Goal of the exercise:
Give back only the lines from the one with "this 2048×1365 image." through the last line of the data, exactly as they appear.

Given data:
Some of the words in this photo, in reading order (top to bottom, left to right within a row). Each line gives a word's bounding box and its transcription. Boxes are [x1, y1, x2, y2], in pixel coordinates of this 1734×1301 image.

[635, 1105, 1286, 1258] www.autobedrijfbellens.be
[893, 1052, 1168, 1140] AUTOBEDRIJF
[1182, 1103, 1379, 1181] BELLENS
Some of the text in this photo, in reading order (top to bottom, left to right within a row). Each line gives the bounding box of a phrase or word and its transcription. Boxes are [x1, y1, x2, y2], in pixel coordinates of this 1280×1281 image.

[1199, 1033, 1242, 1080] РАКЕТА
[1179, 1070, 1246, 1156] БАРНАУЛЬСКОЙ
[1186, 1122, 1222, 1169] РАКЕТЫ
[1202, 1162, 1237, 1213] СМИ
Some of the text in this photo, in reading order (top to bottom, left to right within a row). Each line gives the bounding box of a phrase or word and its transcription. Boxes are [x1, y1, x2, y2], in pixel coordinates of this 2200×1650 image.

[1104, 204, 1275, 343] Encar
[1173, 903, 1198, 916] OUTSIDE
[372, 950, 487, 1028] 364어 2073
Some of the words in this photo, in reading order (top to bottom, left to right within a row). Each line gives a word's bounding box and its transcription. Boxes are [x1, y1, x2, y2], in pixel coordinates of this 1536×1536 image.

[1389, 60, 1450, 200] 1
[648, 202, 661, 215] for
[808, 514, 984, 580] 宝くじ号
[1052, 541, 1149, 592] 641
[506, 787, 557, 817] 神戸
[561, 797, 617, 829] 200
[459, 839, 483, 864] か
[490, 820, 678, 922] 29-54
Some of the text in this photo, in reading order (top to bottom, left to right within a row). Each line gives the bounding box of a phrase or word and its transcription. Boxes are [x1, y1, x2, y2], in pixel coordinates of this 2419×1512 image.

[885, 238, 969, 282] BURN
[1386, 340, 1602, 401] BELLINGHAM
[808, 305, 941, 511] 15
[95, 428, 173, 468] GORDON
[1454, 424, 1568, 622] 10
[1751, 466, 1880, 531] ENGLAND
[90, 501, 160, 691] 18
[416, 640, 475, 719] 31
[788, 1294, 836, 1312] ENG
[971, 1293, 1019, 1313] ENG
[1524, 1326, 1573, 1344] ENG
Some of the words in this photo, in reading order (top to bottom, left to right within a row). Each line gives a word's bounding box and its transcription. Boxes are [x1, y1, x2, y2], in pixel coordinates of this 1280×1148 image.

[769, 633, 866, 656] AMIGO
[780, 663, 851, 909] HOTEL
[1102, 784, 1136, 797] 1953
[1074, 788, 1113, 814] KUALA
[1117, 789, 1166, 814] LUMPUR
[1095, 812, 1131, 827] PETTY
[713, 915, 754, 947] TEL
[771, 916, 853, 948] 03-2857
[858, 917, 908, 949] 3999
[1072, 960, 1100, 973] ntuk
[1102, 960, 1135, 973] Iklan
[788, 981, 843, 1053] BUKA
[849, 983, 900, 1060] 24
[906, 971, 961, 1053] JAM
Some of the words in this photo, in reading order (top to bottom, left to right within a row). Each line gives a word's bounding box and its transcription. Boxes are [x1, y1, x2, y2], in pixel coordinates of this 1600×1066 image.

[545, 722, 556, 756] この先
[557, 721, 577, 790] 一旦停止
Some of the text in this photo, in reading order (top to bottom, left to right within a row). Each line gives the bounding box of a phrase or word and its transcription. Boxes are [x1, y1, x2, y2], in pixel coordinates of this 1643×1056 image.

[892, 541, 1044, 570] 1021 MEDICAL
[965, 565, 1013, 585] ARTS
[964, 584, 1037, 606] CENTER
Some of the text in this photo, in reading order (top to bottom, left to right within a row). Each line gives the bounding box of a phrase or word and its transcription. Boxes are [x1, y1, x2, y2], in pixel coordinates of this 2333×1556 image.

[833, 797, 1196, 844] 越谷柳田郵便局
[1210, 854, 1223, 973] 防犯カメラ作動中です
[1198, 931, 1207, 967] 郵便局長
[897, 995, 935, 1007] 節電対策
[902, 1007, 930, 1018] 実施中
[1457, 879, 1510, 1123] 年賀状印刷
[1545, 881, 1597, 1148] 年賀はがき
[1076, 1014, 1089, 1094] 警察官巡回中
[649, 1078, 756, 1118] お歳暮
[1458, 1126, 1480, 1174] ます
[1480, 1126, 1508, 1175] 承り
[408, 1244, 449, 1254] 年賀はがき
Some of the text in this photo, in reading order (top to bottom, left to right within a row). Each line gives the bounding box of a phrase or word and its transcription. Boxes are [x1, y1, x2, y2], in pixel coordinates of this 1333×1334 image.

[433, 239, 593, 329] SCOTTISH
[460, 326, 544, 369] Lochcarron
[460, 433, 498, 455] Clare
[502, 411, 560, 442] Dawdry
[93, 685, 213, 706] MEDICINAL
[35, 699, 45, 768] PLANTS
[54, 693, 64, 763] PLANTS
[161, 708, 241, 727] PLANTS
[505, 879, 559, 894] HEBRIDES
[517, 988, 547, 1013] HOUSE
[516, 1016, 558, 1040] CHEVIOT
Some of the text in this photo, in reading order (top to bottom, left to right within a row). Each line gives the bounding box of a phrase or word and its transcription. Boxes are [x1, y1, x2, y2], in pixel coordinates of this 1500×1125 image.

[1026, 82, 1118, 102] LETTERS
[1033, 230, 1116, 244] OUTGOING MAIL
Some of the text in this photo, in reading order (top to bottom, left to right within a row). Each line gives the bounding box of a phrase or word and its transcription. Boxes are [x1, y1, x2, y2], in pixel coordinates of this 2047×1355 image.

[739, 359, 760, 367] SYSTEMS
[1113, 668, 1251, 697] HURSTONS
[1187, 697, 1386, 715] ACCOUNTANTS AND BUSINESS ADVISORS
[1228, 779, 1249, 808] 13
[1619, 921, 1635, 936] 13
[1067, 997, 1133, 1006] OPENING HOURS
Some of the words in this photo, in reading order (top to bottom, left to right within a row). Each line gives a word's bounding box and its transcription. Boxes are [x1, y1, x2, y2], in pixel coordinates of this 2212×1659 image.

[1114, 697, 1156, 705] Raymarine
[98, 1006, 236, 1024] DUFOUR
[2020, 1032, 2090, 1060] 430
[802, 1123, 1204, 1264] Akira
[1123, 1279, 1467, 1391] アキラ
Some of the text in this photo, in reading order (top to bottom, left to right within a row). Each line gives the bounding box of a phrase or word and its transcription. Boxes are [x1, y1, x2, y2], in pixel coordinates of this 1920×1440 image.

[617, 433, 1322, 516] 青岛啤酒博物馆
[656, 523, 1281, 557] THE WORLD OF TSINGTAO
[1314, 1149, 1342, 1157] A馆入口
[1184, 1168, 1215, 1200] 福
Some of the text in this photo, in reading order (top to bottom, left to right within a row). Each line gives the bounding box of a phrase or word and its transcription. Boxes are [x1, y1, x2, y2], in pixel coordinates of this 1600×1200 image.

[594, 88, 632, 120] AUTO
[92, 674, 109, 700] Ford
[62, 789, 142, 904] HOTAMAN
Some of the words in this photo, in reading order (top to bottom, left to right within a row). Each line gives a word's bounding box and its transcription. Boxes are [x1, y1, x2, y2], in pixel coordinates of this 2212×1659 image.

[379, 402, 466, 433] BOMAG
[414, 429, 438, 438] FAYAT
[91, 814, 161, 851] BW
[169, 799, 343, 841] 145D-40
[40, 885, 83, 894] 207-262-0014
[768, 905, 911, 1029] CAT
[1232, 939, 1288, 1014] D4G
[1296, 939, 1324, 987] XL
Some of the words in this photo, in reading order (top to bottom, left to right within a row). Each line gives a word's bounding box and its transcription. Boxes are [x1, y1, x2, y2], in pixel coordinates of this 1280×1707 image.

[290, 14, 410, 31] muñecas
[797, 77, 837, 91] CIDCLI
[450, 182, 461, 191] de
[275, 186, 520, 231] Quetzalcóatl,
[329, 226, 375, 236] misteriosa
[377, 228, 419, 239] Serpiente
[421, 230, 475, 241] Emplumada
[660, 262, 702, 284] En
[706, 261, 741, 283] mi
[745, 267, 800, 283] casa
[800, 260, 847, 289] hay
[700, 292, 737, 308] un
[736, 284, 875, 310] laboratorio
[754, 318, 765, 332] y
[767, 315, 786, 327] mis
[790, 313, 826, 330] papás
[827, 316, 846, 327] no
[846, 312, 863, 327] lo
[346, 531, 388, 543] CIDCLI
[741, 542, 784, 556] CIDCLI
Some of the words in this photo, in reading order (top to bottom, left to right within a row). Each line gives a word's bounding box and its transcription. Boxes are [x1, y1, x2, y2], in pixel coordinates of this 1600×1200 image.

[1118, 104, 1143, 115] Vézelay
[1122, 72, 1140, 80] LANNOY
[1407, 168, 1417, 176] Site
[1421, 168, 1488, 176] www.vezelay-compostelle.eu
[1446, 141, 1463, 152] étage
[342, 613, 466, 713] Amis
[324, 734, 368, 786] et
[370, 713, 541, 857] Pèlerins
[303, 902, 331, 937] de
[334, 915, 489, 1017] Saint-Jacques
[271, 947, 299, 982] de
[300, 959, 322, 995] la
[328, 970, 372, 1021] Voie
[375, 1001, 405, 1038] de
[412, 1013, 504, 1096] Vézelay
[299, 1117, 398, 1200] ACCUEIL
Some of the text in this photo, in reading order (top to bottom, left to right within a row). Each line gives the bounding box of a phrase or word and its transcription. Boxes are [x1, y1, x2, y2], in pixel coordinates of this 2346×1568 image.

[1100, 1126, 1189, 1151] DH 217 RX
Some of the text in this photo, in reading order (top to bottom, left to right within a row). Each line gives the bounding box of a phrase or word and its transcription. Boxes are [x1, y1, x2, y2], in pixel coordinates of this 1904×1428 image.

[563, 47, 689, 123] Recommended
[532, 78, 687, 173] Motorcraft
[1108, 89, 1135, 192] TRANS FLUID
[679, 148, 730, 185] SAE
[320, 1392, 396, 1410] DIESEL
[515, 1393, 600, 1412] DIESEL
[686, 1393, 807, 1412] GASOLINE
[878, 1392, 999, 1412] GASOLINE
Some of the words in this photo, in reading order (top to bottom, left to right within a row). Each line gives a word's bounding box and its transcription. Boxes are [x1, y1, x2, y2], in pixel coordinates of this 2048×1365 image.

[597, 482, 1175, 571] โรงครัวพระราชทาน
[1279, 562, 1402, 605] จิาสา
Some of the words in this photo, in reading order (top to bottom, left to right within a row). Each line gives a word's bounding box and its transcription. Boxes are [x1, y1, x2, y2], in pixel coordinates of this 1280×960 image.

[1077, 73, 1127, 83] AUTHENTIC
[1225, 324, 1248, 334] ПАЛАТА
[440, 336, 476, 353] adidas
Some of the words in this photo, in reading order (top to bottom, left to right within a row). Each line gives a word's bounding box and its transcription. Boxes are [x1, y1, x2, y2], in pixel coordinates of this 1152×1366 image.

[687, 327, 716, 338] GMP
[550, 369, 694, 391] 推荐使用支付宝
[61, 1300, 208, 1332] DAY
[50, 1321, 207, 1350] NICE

Answer to the exercise:
Some of the words in this photo, in reading order (top to bottom, left to right within a row). Each line gives a word's bounding box and its transcription. Boxes are [x1, y1, x2, y2], in pixel coordinates of this 2048×1365 image.

[597, 482, 1175, 571] โรงครัวพระราชทาน
[1279, 562, 1402, 605] จิาสา
Some of the words in this photo, in reading order (top to bottom, left to right within a row). Each line gives a word's bounding box and its transcription. Boxes are [x1, y1, x2, y2], in pixel coordinates of this 1280×960 image.

[1077, 73, 1127, 83] AUTHENTIC
[1225, 324, 1248, 334] ПАЛАТА
[440, 336, 476, 353] adidas
Some of the words in this photo, in reading order (top to bottom, left to right within a row). Each line gives a word's bounding box and its transcription. Boxes are [x1, y1, x2, y2], in pixel coordinates of this 1152×1366 image.

[687, 327, 716, 338] GMP
[550, 369, 694, 391] 推荐使用支付宝
[61, 1300, 208, 1332] DAY
[50, 1321, 207, 1350] NICE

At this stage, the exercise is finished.